Activation of cGAS-STING Pathway by DAI-Triggered Ferroptosis in CRC Cells Reprograms TAMs Balance to Promote Anti-Tumor Immunity.

DNA-dependent activator of interferon-regulatory factors (DAI) has recently been identified to trigger ferroptosis in endothelial cells. However, it remains unclear whether it can also elicit ferroptosis in tumor cells and further remodel the tumor immune microenvironment (TIME). In this study, we found that activation of DAI could also trigger mouse colorectal cancer (CRC) cells ferroptosis.

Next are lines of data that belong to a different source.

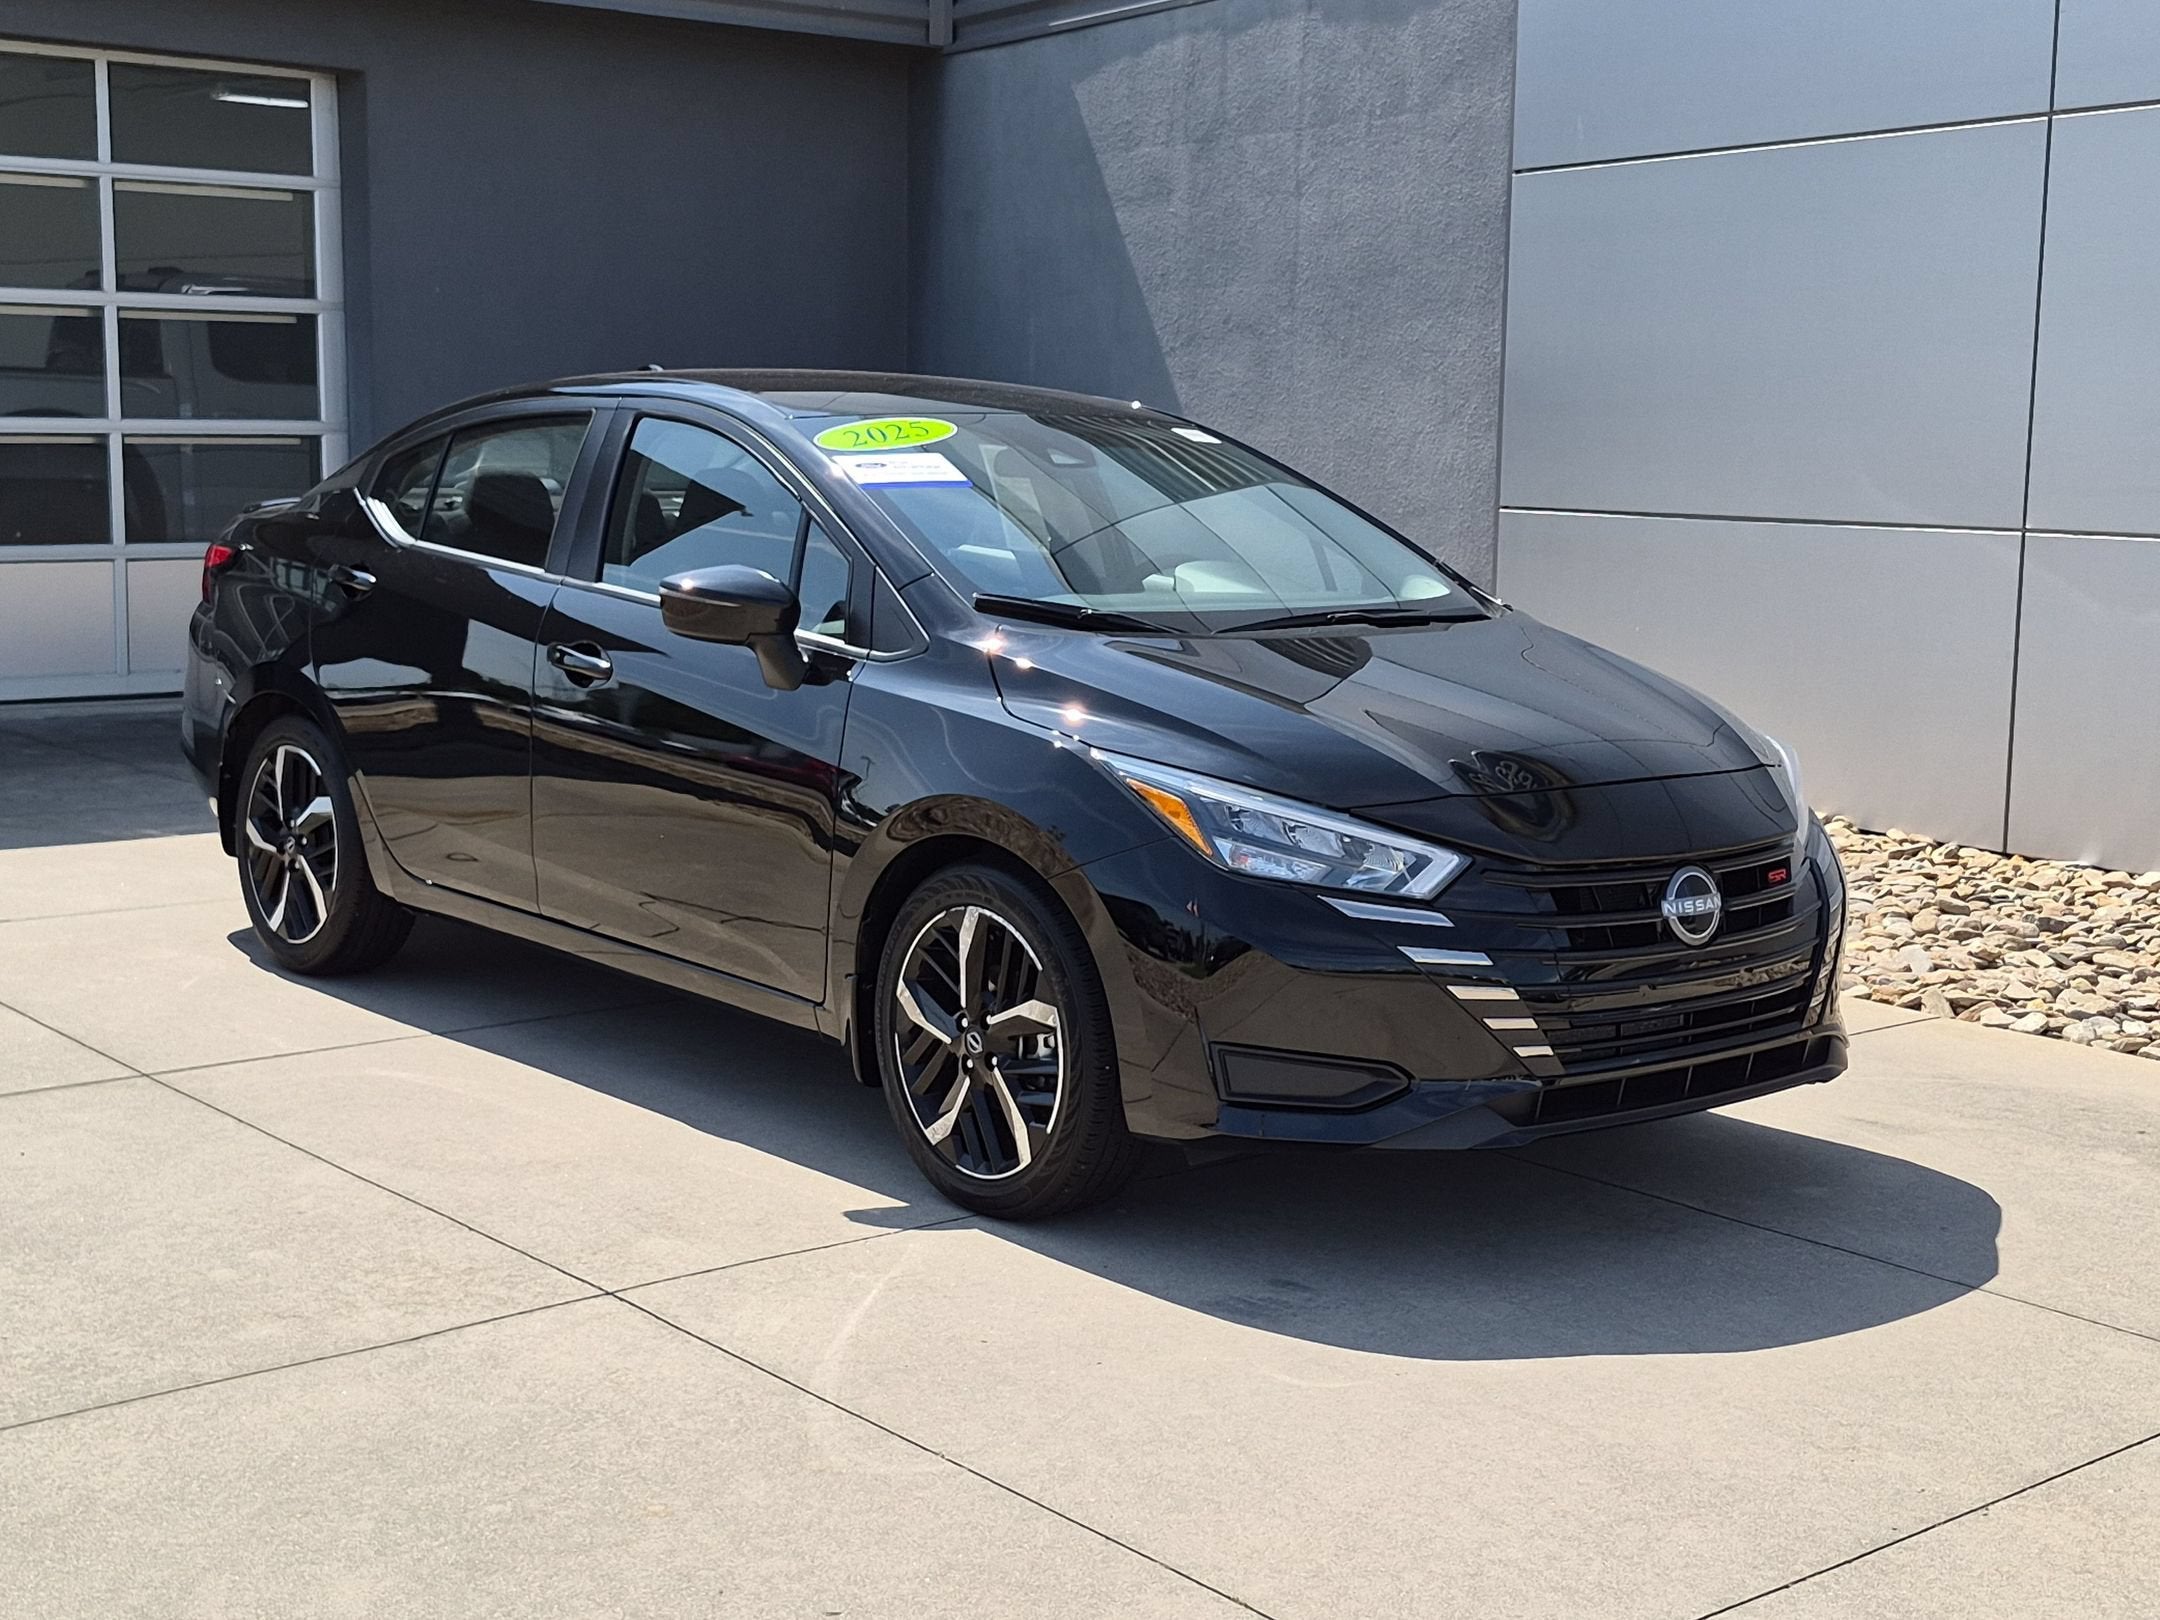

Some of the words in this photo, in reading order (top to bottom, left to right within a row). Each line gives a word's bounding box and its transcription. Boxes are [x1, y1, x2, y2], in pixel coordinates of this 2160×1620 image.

[843, 421, 930, 447] 2025
[1768, 868, 1787, 882] SR
[1663, 894, 1722, 914] NISSAN
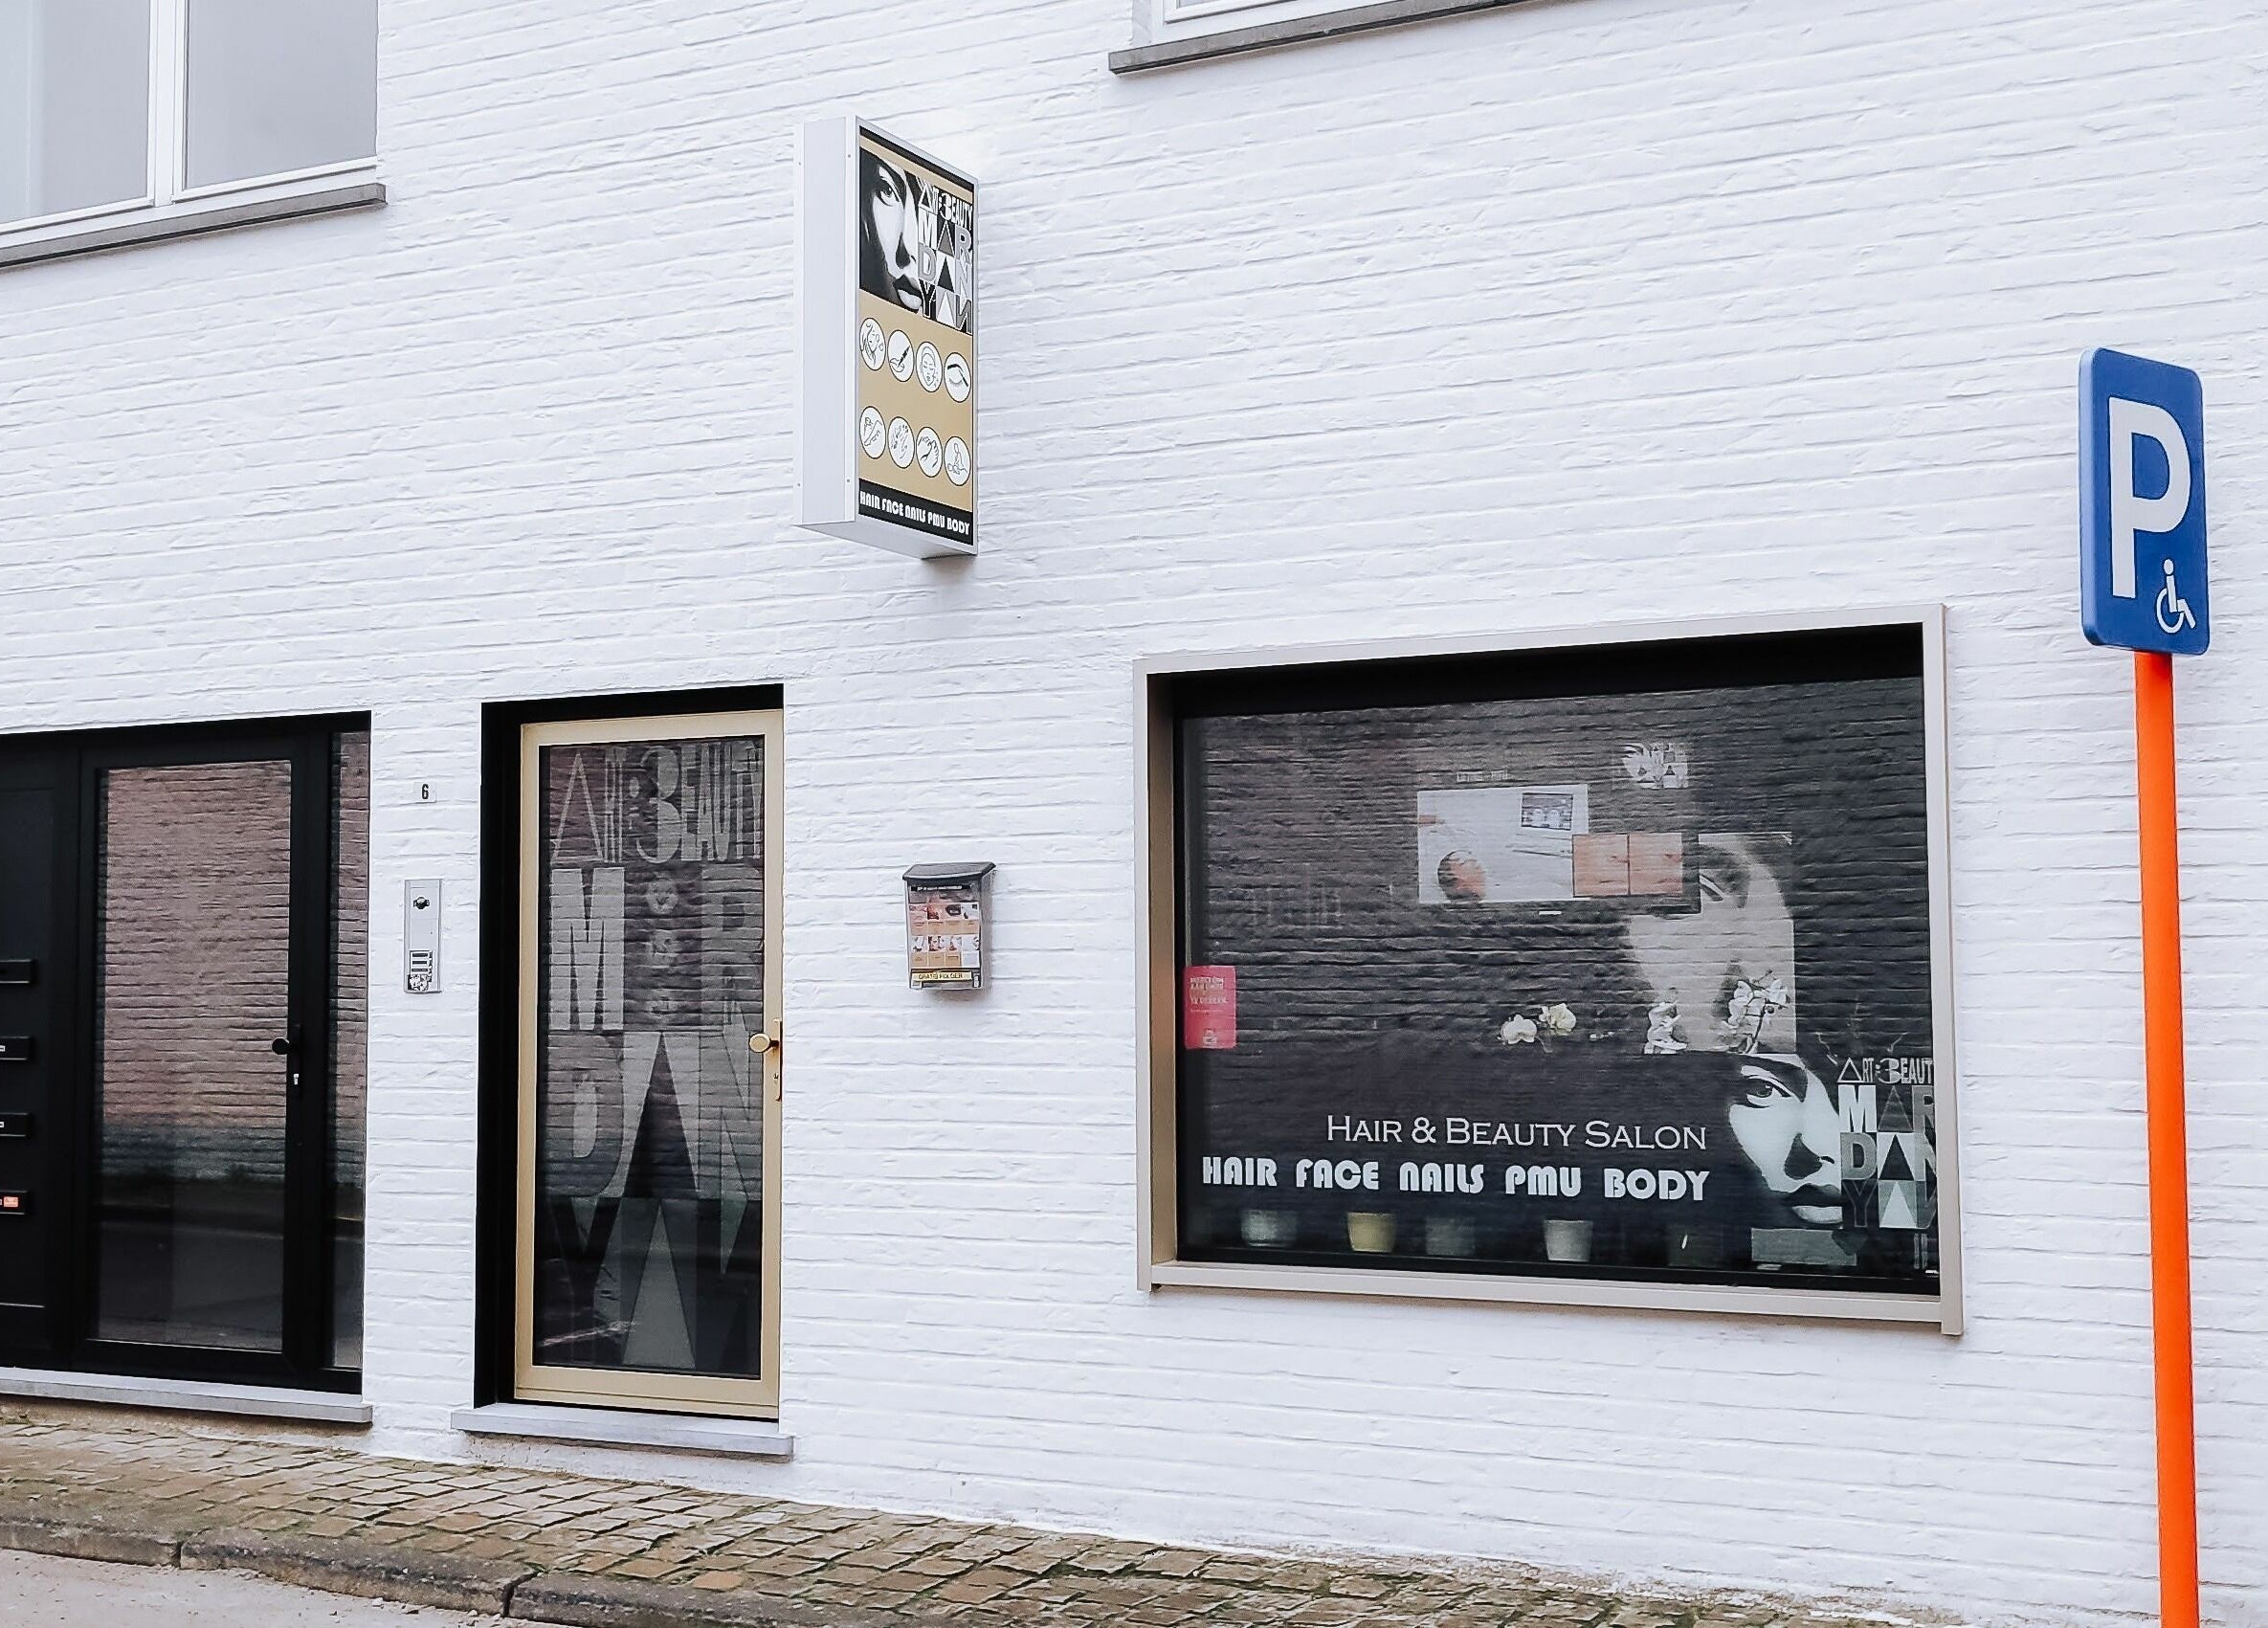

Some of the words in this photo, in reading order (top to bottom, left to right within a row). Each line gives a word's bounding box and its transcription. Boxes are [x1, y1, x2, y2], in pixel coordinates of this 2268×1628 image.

[859, 490, 880, 510] HAIR
[881, 498, 904, 517] FACE
[904, 504, 926, 524] NAILS
[927, 511, 945, 528] PMU
[946, 517, 970, 536] BODY
[2108, 396, 2191, 599] P
[421, 783, 430, 800] 6
[1837, 1057, 1875, 1083] ART
[1878, 1057, 1934, 1084] BEAUT
[1412, 1117, 1436, 1143] &
[1203, 1157, 1277, 1186] HAIR
[1297, 1159, 1379, 1190] FACE
[1400, 1162, 1483, 1193] NAILS
[1505, 1166, 1581, 1196] PMU
[1604, 1169, 1709, 1200] BODY

Further experiments showed that DAI-driven ferroptosis induced mitochondria oxidative stress and dysfunction, leading to the release of mitochondrial DNA (mtDNA) into the cytoplasm, which subsequently activated the cyclic GMP-AMP synthase-stimulator of interferon genes (cGAS-STING) pathway and thereby reprogrammed the TIME by promoting tumor-associated macrophages (TAMs) M1 polarization while preventing TAMs from polarizing towards M2 type, exerting an effective anti-tumor effect, which significantly reduced tumor size and weight. In summary, our findings confirmed DAI-triggered ferroptosis-induced mtDNA-mediated cGAS-STING anti-tumor immunity pathway in mouse CRC cells, providing novel insights into the development of more effective tumor immunotherapeutic strategies that are based on DAI-mediated programmed cell death (PCD).